My dad’s story constitutes the story of a hermano lejano (a distant brother) whose story in a book we read by Baker-Cristales is subject to the role of the state in every day life as the “enduring power of the state idea as a discourse of collectivity, belonging, and exclusion.” What does this exactly entail? For my father, there is no doubt that he identifies as a Salvadoreño and his home country has done a good job of reinforcing this notion every step of the way. Due to the family left behind, the property, at some point the emotional ties to a significant other, he has remained in touch with the state’s affairs. He has ensured to renew his Salvadoran passport and refuses citizenship even after more than twenty years of permanent residency because somehow that would be betrayal to his roots. He ensures that every month he sends remittances to his family members that now constitute the single largest source of income in the Salvadoran economy. He even holds property there in the hopes of one day that making up the sight of a potential house for him in his advanced age. This has been his idea since his bachelor days. Before this class, I would have not thought of this as a way for him to craft a place of belonging in his country to cope with the alienation and foreignness he experienced as a new arrival in this country. Yet as he does this he remains excluded by the state he fervently supports by denying him of his basic civil liberty to vote. Even then he continues to read El Diario La Prensa, has Telecentro on his satellite plan, and continues to buy telephone cards to stay in touch with those behind. He lives the life of a transnational migrant with one foot in the U.S, but another in El Salvador. While he looks upon his country with nostalgia and memories of home, he has formed a family in the U.S with children whose lives are rooted here. With a job, a status, and a home here the U.S has become a home away from home, where the city in which he lives has just become the 15th Department to El Salvador’s 14 Departments.

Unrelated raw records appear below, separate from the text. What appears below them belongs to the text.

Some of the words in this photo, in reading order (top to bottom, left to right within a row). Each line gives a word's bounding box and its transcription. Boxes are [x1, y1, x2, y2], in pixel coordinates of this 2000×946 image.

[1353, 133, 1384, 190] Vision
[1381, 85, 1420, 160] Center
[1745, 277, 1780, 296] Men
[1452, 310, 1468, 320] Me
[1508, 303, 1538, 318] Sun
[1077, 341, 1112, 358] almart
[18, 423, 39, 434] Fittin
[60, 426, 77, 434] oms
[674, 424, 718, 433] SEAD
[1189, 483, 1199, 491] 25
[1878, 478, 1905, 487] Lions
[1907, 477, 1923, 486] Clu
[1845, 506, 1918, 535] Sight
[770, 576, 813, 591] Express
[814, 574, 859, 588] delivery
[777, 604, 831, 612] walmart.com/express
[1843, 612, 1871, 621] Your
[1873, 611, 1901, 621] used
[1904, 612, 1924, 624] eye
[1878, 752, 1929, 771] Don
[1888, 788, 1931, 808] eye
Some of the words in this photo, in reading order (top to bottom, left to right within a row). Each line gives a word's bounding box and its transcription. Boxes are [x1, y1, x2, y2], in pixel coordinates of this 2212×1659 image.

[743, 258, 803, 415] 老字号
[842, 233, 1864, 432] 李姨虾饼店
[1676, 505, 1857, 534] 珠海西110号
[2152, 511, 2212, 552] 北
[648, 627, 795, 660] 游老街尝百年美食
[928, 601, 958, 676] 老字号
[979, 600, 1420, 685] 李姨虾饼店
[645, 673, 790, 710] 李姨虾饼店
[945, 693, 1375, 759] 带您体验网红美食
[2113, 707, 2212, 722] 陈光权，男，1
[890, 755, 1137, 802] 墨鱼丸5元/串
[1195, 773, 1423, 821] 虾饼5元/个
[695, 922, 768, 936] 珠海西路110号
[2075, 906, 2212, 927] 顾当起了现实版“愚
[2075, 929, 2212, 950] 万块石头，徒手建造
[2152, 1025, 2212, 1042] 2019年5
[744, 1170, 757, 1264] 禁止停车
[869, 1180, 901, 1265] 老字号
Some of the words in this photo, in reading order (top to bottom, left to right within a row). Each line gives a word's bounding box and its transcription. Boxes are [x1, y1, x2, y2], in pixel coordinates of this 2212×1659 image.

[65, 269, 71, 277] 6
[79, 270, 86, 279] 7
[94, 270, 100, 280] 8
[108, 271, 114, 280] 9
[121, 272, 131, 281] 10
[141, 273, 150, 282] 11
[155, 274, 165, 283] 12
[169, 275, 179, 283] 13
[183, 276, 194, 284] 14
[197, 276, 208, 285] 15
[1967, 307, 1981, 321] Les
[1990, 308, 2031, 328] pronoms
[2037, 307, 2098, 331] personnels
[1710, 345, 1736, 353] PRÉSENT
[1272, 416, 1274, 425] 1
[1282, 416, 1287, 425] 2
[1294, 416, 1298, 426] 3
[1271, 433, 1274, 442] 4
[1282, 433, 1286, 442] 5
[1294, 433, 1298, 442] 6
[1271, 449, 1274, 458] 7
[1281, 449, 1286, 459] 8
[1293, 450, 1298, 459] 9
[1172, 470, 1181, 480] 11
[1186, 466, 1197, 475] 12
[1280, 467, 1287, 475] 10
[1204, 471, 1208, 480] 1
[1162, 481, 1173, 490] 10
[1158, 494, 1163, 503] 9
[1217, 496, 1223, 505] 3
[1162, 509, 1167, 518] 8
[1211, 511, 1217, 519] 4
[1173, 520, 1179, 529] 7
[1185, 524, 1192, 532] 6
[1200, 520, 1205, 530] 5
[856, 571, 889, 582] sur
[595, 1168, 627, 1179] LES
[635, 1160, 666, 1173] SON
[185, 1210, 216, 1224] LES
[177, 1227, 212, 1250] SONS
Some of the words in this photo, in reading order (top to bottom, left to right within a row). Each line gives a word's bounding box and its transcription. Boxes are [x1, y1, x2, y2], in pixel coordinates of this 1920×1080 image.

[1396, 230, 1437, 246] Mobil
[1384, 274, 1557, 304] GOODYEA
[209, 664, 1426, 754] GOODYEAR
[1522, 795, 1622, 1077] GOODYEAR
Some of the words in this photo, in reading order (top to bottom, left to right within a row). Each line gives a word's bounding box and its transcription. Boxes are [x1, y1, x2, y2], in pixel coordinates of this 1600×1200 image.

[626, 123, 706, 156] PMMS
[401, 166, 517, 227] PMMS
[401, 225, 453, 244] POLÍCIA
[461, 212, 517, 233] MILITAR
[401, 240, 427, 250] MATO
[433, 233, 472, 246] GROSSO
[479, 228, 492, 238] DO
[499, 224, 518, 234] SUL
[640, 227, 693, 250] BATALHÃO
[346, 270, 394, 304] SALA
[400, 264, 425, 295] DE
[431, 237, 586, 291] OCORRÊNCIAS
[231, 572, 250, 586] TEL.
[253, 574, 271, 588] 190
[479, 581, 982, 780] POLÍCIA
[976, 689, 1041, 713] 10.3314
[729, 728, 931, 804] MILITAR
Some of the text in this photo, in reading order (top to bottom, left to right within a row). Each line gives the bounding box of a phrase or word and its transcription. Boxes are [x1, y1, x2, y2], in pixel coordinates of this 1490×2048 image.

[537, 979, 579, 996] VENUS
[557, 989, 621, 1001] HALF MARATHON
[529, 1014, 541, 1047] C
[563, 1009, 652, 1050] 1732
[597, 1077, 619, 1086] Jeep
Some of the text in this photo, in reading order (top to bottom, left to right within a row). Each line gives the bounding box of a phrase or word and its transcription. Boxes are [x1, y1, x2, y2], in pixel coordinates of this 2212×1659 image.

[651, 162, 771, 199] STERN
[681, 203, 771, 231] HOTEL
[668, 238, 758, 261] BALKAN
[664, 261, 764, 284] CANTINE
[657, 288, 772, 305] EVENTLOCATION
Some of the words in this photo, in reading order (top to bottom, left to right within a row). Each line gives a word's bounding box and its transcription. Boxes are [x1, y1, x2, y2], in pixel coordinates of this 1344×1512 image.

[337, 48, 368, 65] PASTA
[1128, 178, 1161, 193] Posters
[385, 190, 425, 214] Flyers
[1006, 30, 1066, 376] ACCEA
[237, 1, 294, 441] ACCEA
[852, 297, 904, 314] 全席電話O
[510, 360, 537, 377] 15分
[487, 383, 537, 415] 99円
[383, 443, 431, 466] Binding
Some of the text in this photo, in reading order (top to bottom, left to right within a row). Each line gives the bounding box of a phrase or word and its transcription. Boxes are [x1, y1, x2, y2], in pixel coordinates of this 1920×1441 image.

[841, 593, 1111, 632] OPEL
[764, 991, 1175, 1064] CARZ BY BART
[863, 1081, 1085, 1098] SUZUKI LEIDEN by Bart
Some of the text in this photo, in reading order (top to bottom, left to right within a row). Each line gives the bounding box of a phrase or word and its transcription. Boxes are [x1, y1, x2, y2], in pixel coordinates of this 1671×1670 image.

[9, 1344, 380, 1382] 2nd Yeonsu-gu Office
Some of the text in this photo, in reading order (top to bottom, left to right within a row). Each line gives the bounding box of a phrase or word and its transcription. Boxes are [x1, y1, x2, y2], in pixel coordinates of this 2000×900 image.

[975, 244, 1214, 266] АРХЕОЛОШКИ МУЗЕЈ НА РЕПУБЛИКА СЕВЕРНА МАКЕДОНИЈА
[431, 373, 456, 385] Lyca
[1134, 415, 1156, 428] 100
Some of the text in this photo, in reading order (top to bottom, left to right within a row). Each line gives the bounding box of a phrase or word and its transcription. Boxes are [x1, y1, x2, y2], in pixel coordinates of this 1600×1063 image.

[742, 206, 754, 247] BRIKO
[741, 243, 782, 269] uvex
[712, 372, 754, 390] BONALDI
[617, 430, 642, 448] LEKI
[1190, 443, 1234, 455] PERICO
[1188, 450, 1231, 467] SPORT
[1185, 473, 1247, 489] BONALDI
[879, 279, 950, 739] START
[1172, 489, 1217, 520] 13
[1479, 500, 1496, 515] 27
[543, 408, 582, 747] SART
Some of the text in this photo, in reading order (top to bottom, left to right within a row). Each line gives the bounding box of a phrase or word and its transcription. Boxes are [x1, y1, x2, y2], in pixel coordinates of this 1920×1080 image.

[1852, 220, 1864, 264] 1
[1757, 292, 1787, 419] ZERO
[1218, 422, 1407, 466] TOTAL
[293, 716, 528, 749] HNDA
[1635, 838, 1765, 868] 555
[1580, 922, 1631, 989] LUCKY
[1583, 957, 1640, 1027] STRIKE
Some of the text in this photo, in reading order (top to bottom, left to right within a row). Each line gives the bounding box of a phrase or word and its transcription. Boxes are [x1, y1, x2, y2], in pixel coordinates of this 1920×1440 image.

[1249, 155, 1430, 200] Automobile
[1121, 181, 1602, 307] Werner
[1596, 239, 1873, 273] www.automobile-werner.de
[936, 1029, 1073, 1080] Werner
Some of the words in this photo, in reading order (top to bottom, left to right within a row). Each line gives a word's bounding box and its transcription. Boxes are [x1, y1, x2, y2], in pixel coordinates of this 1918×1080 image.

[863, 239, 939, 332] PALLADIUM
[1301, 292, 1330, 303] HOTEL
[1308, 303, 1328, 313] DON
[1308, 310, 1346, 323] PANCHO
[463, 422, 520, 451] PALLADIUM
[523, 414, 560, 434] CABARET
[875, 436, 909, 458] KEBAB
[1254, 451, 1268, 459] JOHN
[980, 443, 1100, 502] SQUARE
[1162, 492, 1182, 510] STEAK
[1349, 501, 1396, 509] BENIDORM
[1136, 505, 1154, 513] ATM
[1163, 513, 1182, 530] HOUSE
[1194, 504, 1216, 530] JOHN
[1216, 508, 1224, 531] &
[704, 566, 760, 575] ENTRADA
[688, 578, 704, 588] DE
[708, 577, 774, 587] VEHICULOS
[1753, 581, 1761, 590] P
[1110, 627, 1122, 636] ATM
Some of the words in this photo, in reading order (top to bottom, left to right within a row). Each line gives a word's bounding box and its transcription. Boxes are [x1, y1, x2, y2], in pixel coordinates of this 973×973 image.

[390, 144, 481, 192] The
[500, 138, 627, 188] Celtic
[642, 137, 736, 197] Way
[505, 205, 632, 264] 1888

I say 15th Department because I grew up attending local parties with Salvadoran music and foods, I learned to sport the jersey on days the Selecta was playing, and I learned to speak the language with a true accent. These traditions have played such an important role in my life and I would have not wanted them lost in my dad’s transition. If anything this project, has made me appreciate my dad that much more because he has ensured our upholding of these traditions, despite the pressures he has had to renounce them. I never would have known his struggle had I not coerced him into aiding me with this project.